# [What this task involves]
Restate every entry verbatim; drop the pictures.

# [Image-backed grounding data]
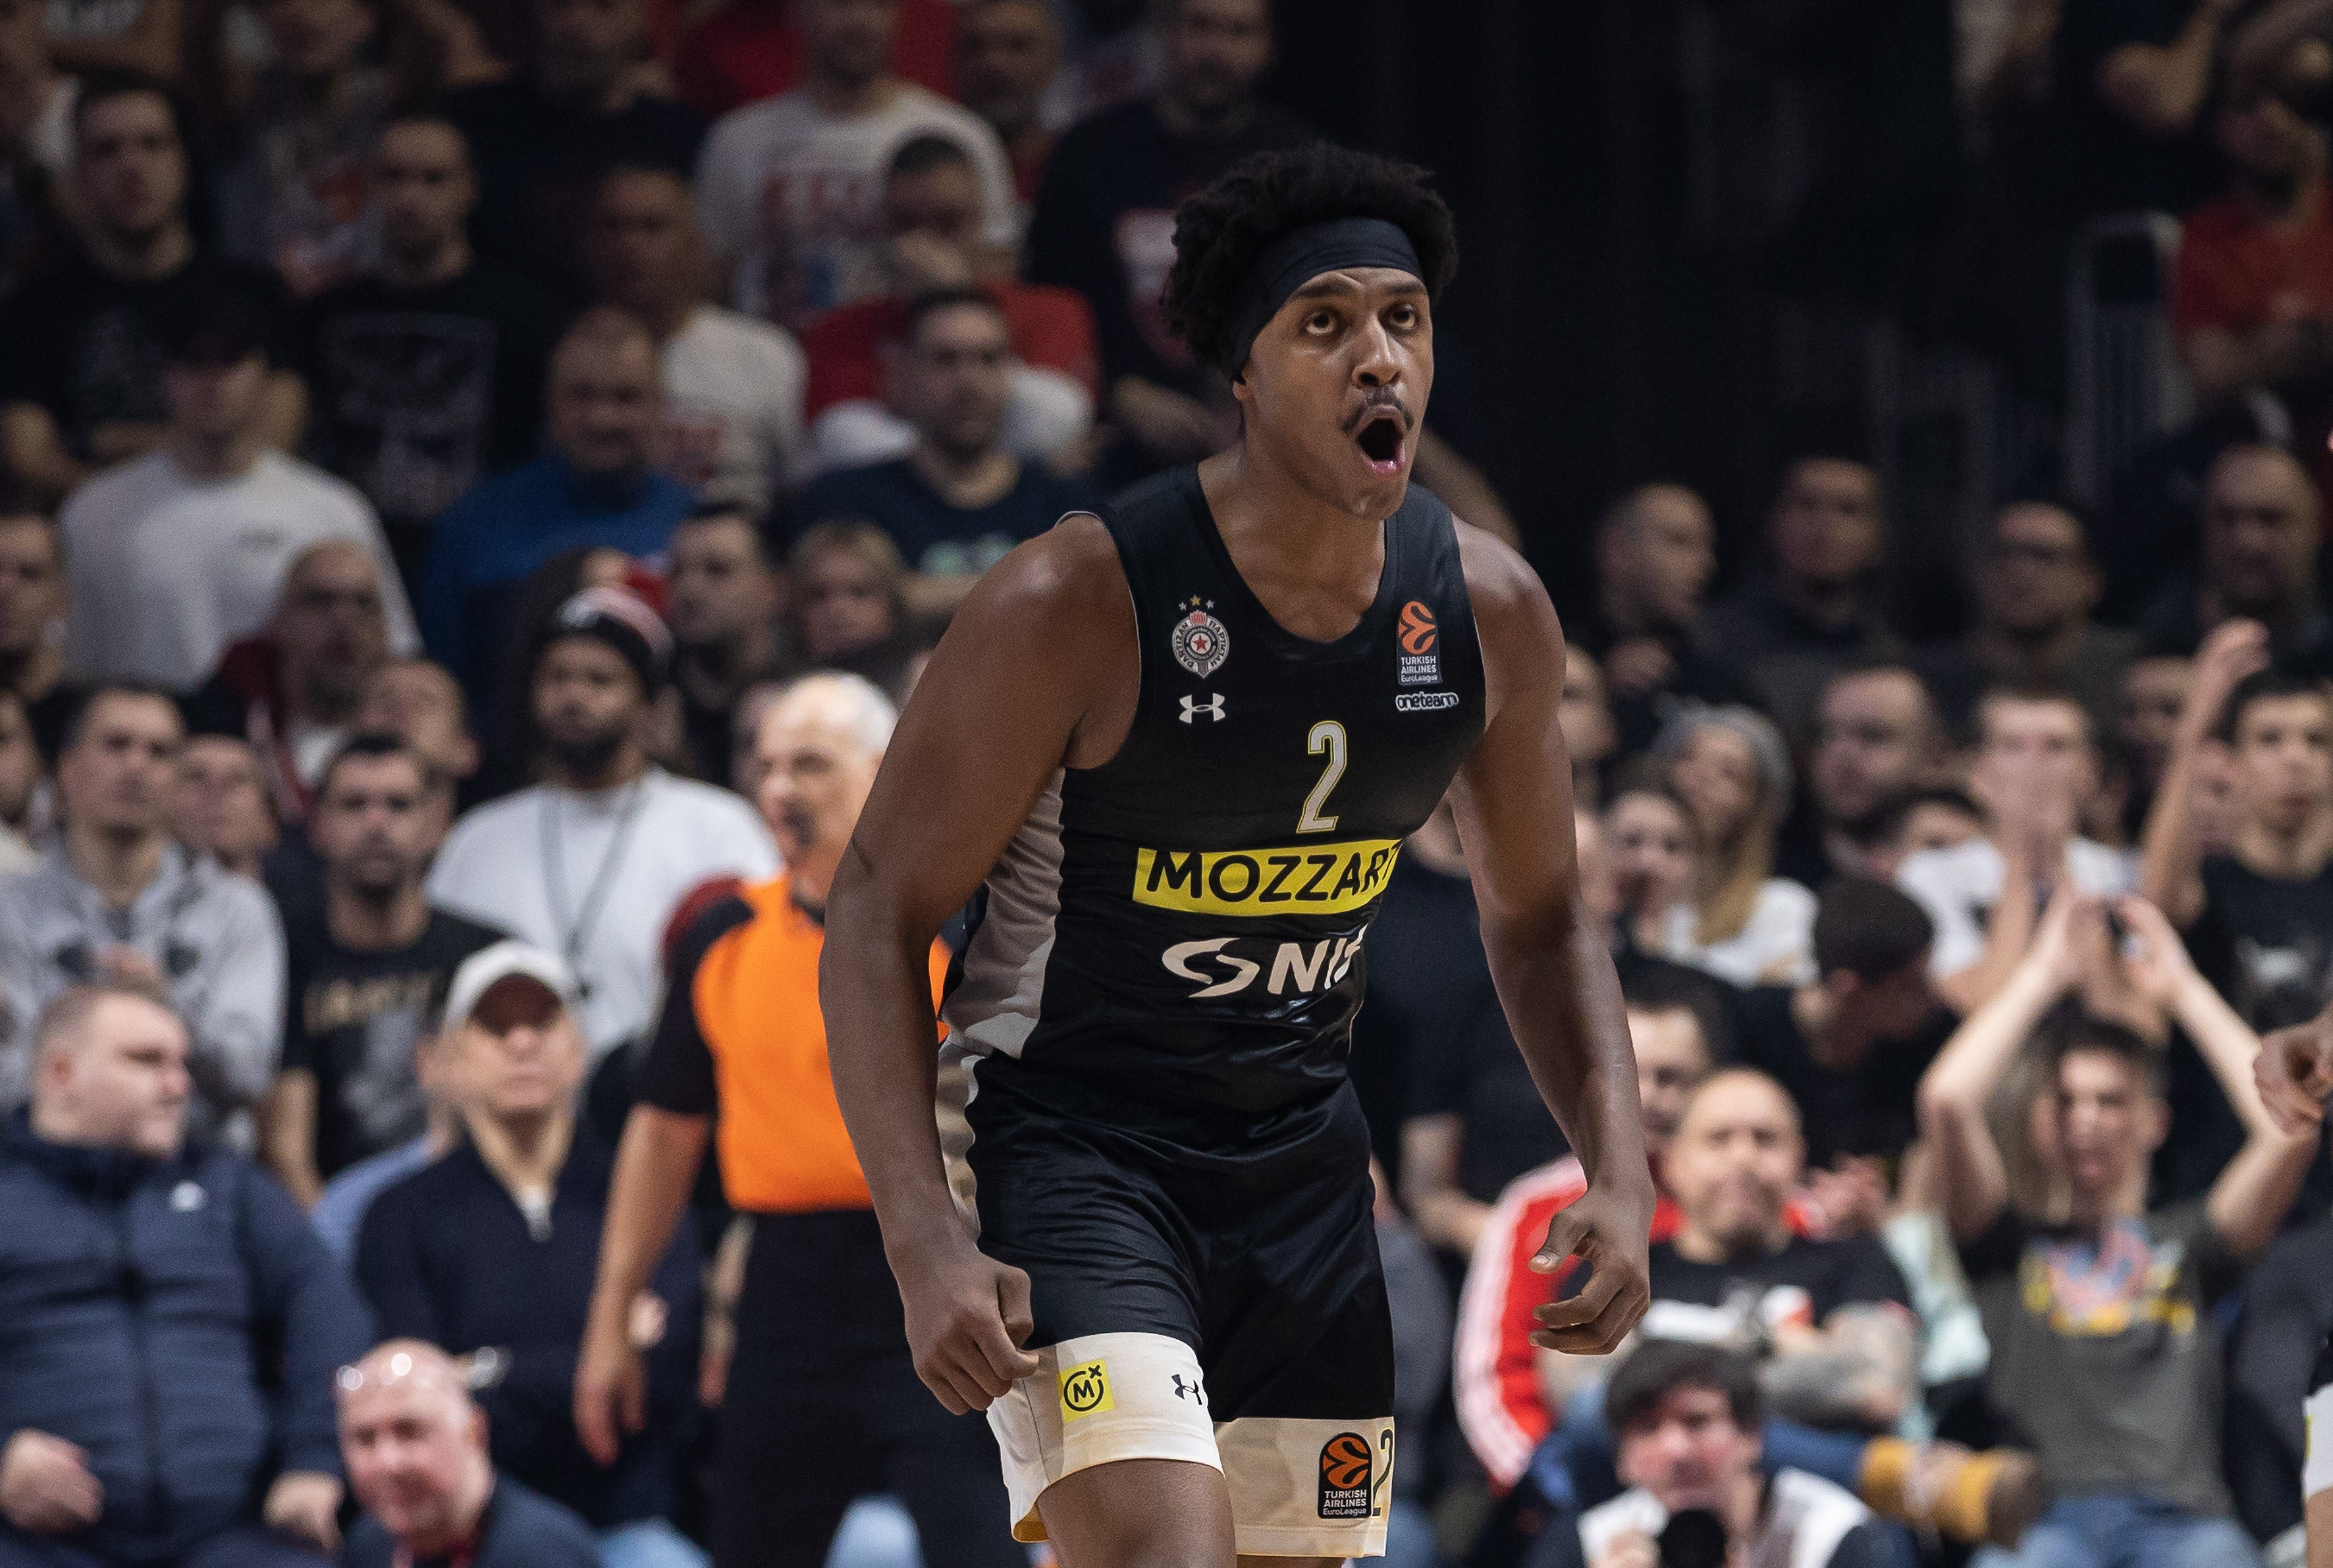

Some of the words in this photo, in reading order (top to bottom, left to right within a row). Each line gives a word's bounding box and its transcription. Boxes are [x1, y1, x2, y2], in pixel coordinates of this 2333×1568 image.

[1401, 655, 1436, 666] TURKISH
[1401, 664, 1437, 675] AIRLINES
[1401, 674, 1438, 683] EuroLeague
[1397, 693, 1459, 710] oneteam
[1297, 720, 1347, 834] 2
[1324, 1489, 1367, 1500] TURKISH
[1323, 1498, 1367, 1508] AIRLINES
[1323, 1507, 1367, 1516] EuroLeague
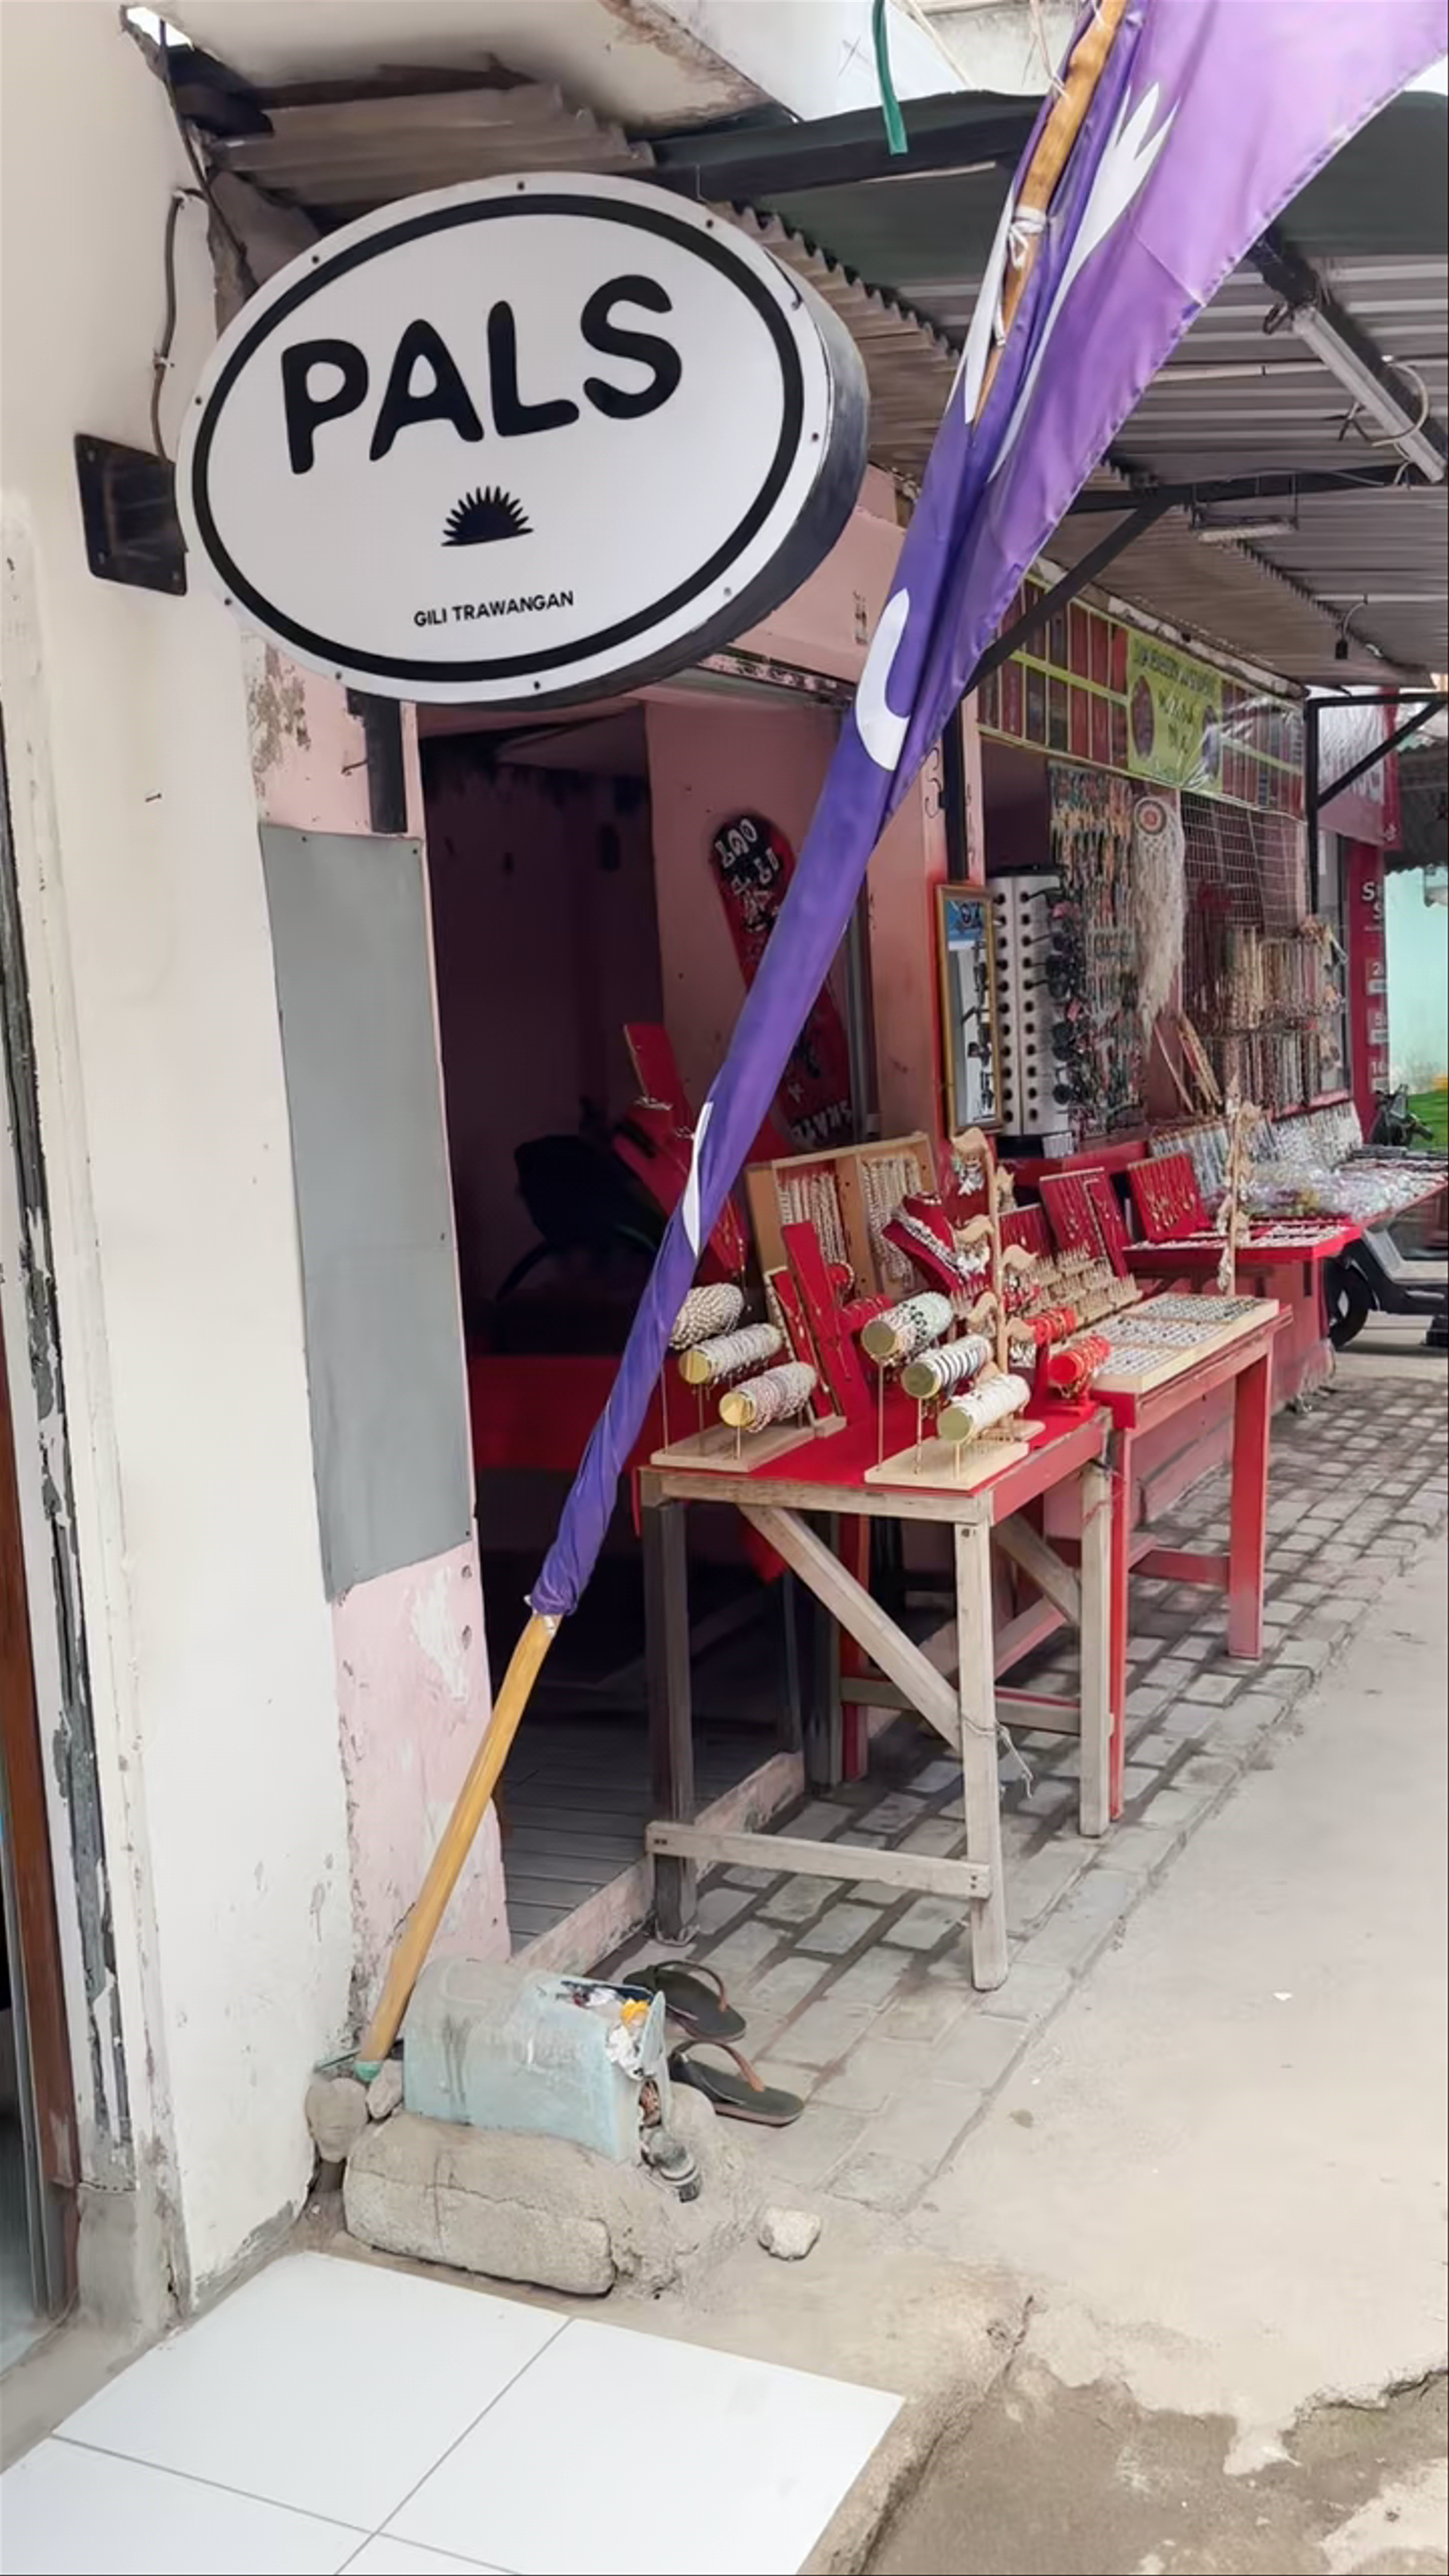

# [Solution]
Some of the words in this photo, in reading order (top to bottom, left to right within a row). Each line gives a word's bounding box and its transcription. Boxes are [x1, y1, x2, y2], in pixel coordinates of this 2333×1568 image.

[1401, 655, 1436, 666] TURKISH
[1401, 664, 1437, 675] AIRLINES
[1401, 674, 1438, 683] EuroLeague
[1397, 693, 1459, 710] oneteam
[1297, 720, 1347, 834] 2
[1324, 1489, 1367, 1500] TURKISH
[1323, 1498, 1367, 1508] AIRLINES
[1323, 1507, 1367, 1516] EuroLeague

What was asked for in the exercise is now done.